__WHAT IS NEEDED__
Every record below is to be copied exactly, with its images omitted.
BEGIN EXERCISE DATA
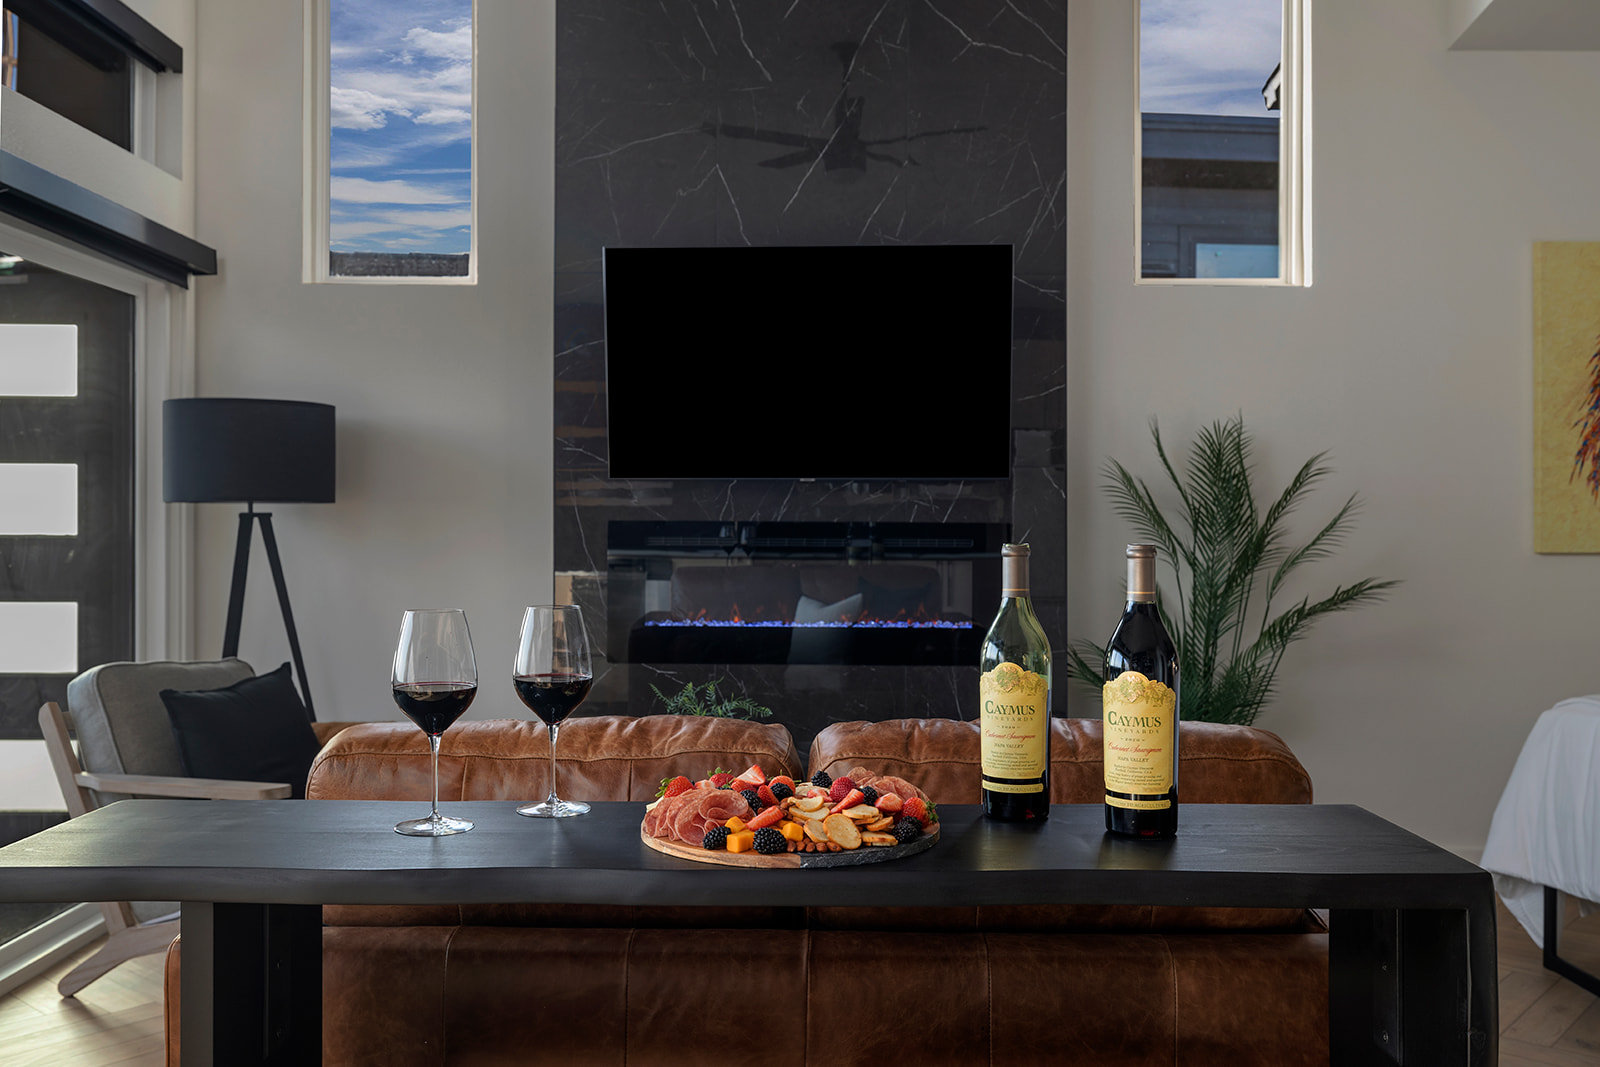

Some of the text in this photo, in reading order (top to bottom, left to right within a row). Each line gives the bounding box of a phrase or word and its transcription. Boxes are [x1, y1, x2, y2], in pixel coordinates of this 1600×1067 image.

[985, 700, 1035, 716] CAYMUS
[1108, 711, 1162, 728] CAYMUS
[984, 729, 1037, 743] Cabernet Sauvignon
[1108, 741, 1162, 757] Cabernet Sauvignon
END EXERCISE DATA
__RESULT FOR THIS TASK__
Some of the text in this photo, in reading order (top to bottom, left to right within a row). Each line gives the bounding box of a phrase or word and its transcription. Boxes are [x1, y1, x2, y2], in pixel coordinates of this 1600×1067 image.

[985, 700, 1035, 716] CAYMUS
[1108, 711, 1162, 728] CAYMUS
[984, 729, 1037, 743] Cabernet Sauvignon
[1108, 741, 1162, 757] Cabernet Sauvignon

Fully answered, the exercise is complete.